::: EXTRACTED INFORMATION :::

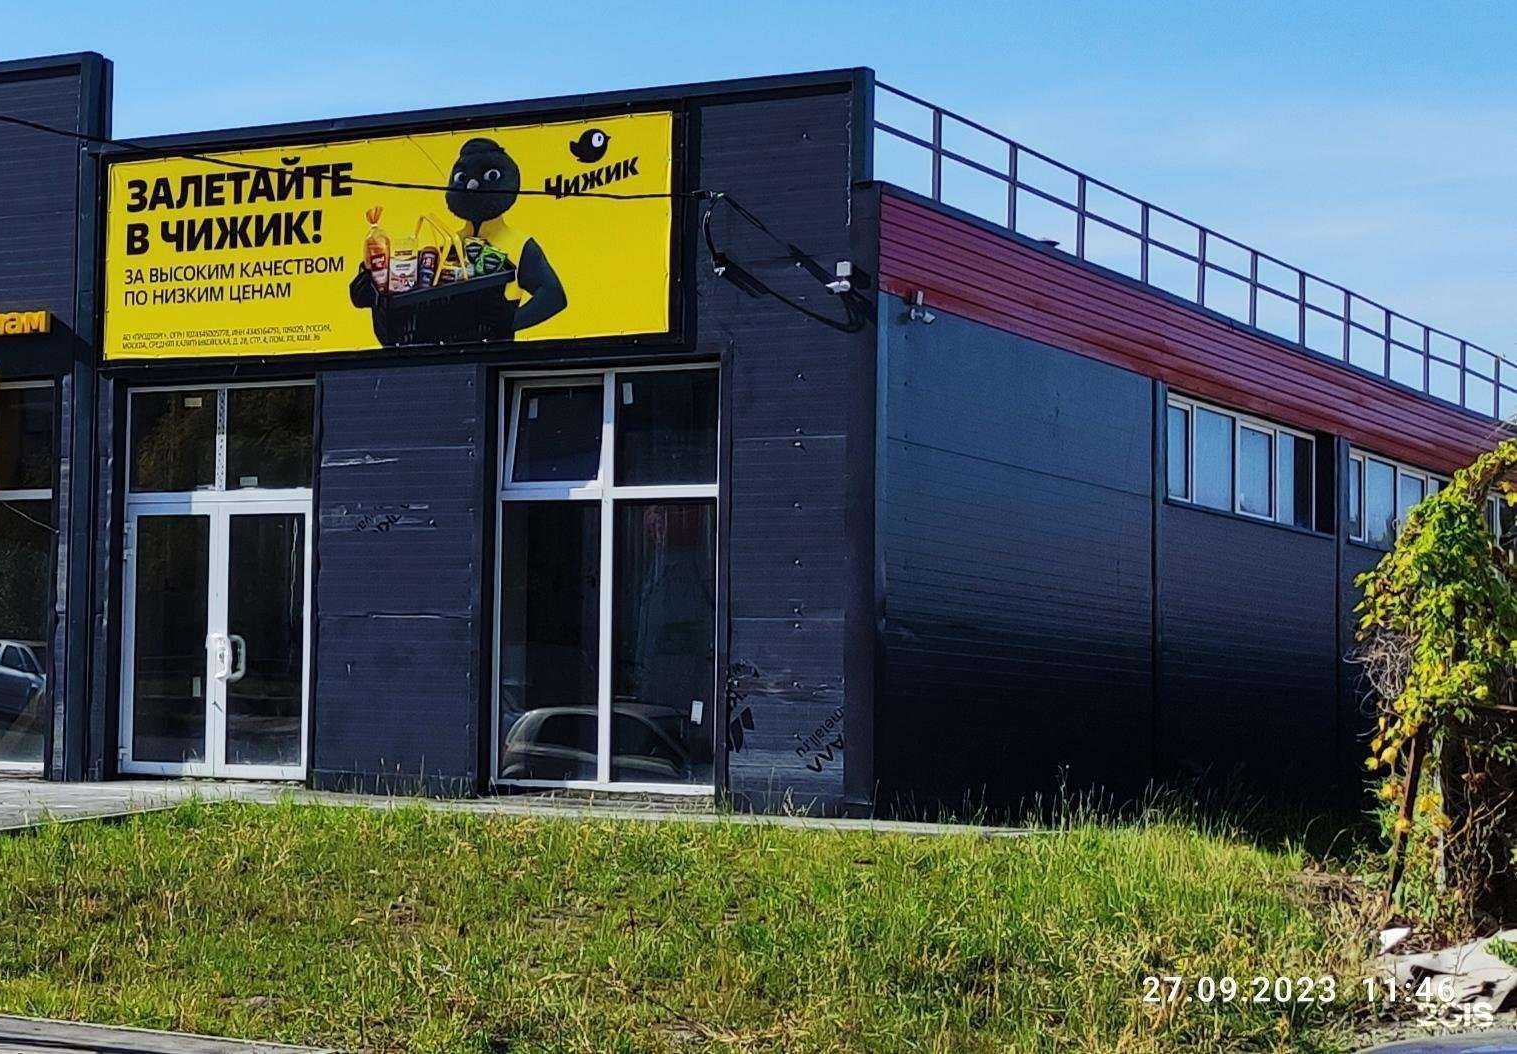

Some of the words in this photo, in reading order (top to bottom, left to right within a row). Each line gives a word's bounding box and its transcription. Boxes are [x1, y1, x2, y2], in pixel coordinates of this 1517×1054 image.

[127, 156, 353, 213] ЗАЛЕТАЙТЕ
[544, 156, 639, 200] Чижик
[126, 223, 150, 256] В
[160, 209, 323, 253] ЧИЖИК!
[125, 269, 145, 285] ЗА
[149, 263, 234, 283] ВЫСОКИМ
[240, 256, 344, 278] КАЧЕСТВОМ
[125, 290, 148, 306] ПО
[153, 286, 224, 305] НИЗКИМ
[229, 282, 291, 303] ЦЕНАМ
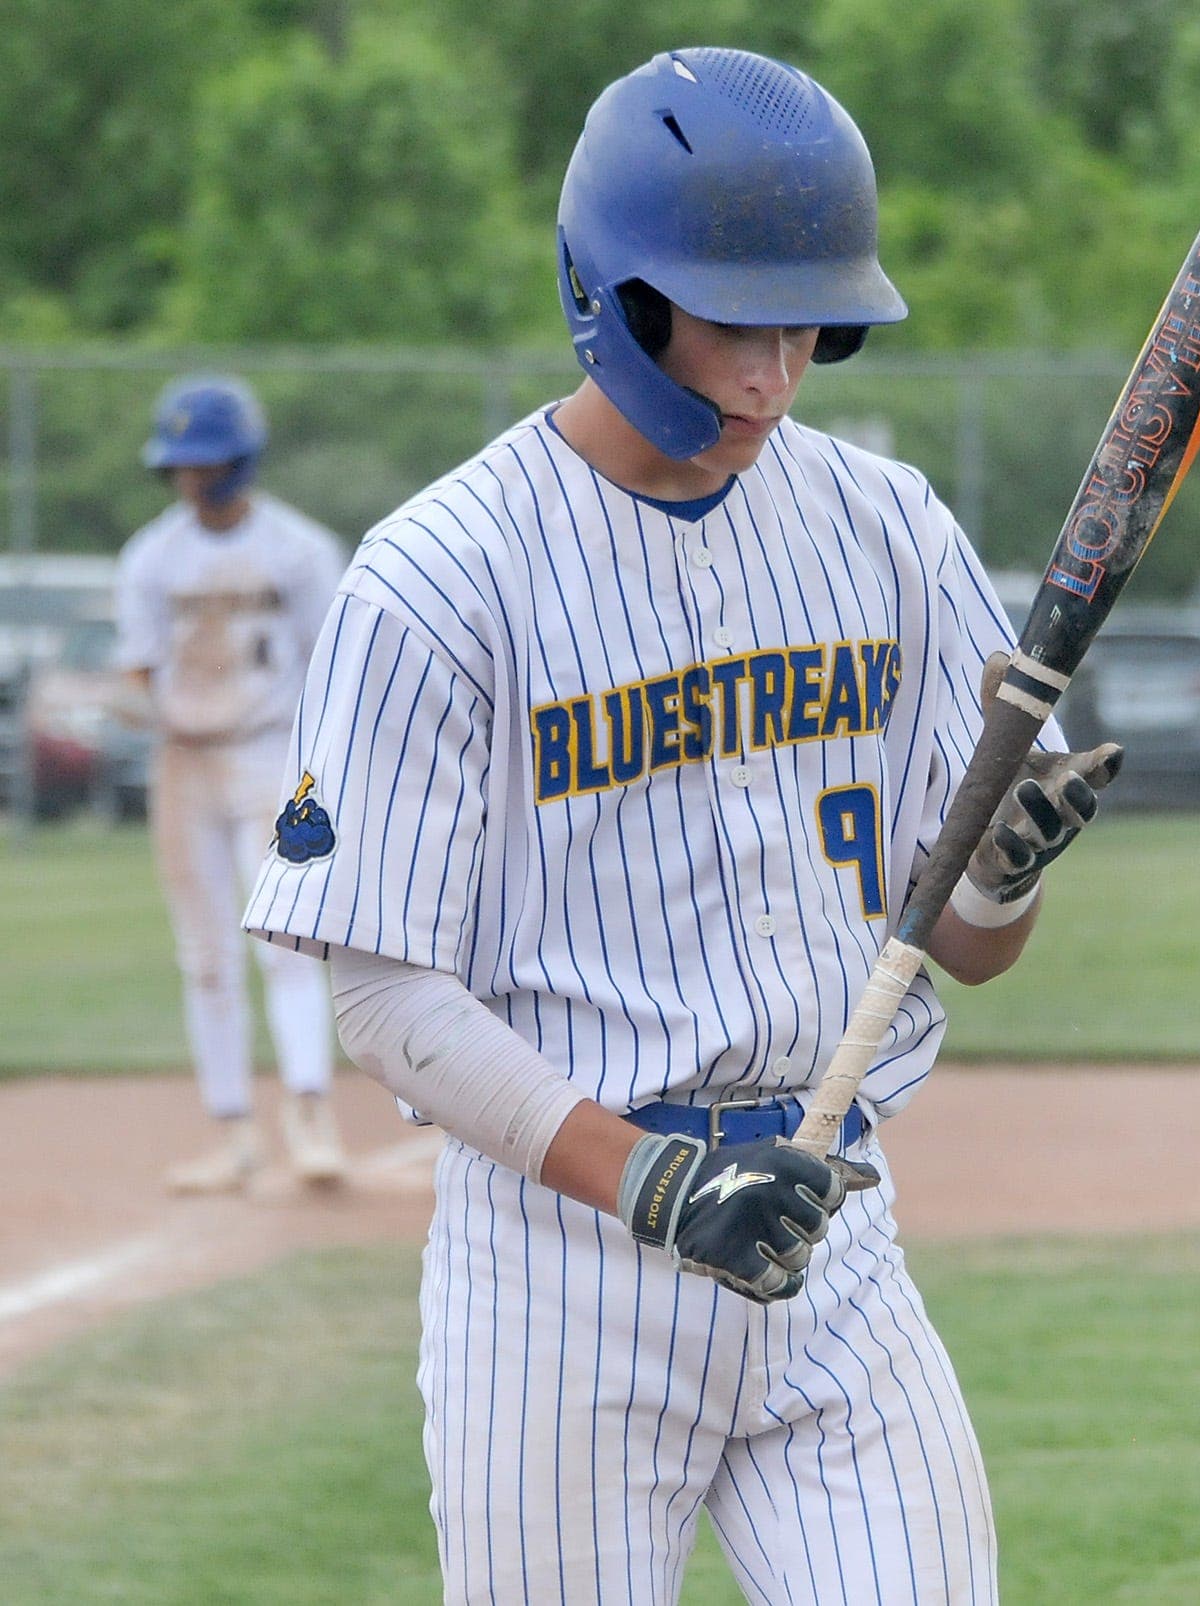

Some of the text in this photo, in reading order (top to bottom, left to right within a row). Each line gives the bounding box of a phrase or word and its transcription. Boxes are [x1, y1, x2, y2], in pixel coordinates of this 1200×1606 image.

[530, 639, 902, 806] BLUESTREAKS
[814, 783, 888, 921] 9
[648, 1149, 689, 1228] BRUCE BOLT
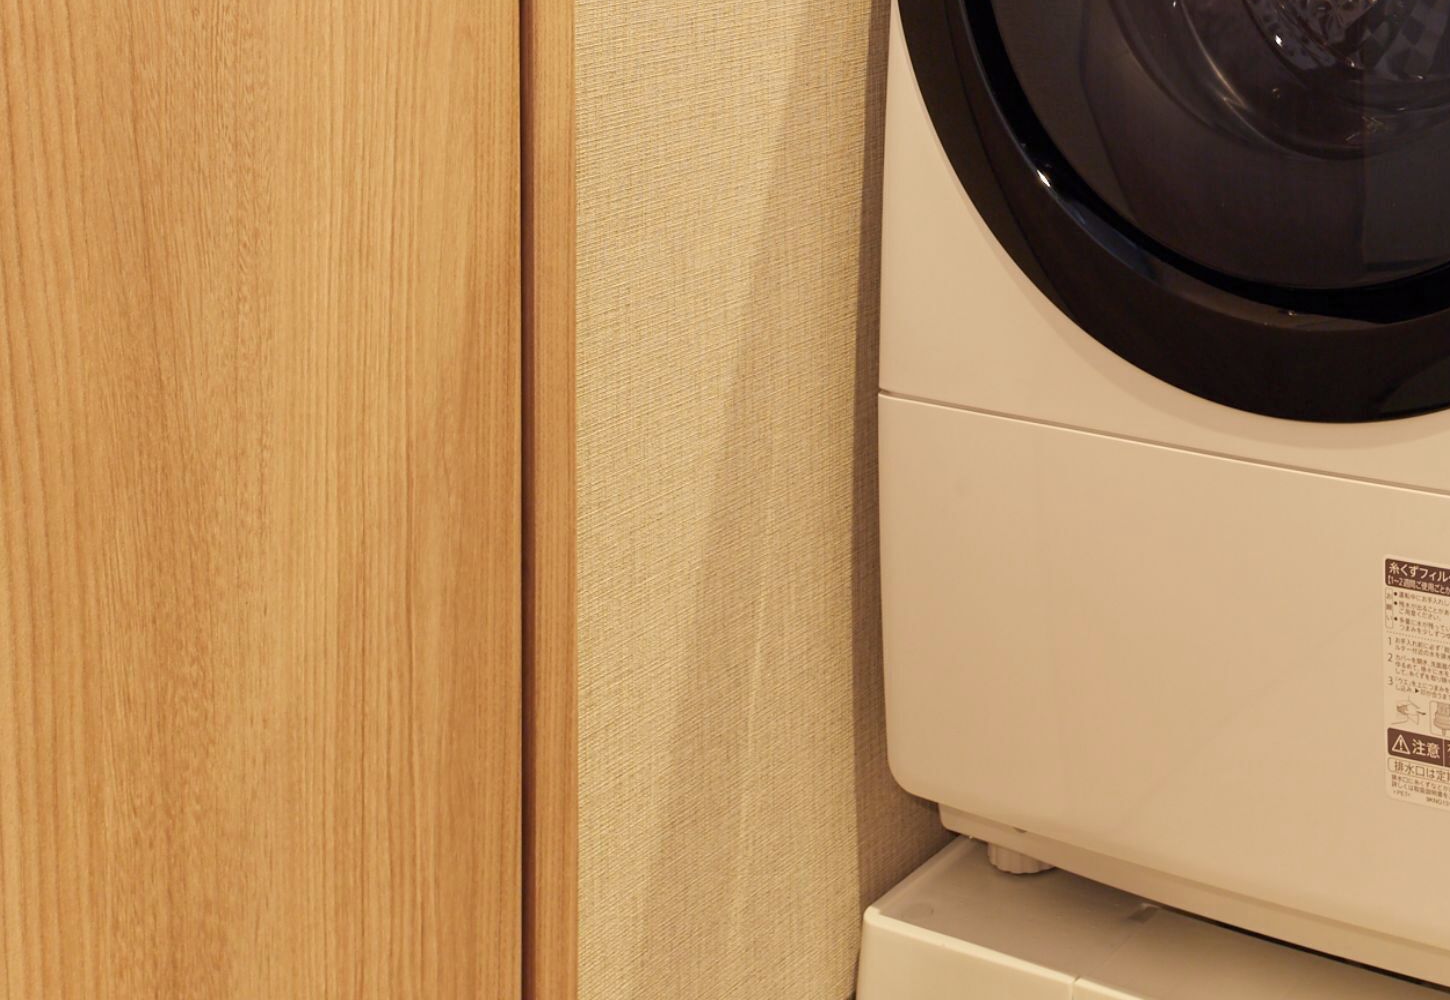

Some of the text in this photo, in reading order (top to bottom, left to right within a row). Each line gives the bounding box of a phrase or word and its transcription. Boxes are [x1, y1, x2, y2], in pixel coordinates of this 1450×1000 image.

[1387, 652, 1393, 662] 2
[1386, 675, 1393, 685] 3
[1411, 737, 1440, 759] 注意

:::

WORK ITEM: Could you write out the records again exactly, without any of their pictures?

SOLUTION FOR THIS EXERCISE:
Some of the words in this photo, in reading order (top to bottom, left to right within a row). Each line gives a word's bounding box and its transcription. Boxes are [x1, y1, x2, y2], in pixel coordinates of this 1517×1054 image.

[127, 156, 353, 213] ЗАЛЕТАЙТЕ
[544, 156, 639, 200] Чижик
[126, 223, 150, 256] В
[160, 209, 323, 253] ЧИЖИК!
[125, 269, 145, 285] ЗА
[149, 263, 234, 283] ВЫСОКИМ
[240, 256, 344, 278] КАЧЕСТВОМ
[125, 290, 148, 306] ПО
[153, 286, 224, 305] НИЗКИМ
[229, 282, 291, 303] ЦЕНАМ

Some of the text in this photo, in reading order (top to bottom, left to right within a row). Each line gives the bounding box of a phrase or word and its transcription. Boxes are [x1, y1, x2, y2], in pixel coordinates of this 1200×1606 image.

[530, 639, 902, 806] BLUESTREAKS
[814, 783, 888, 921] 9
[648, 1149, 689, 1228] BRUCE BOLT

Some of the text in this photo, in reading order (top to bottom, left to right within a row). Each line gives the bounding box of a phrase or word and its transcription. Boxes are [x1, y1, x2, y2], in pixel coordinates of this 1450×1000 image.

[1387, 652, 1393, 662] 2
[1386, 675, 1393, 685] 3
[1411, 737, 1440, 759] 注意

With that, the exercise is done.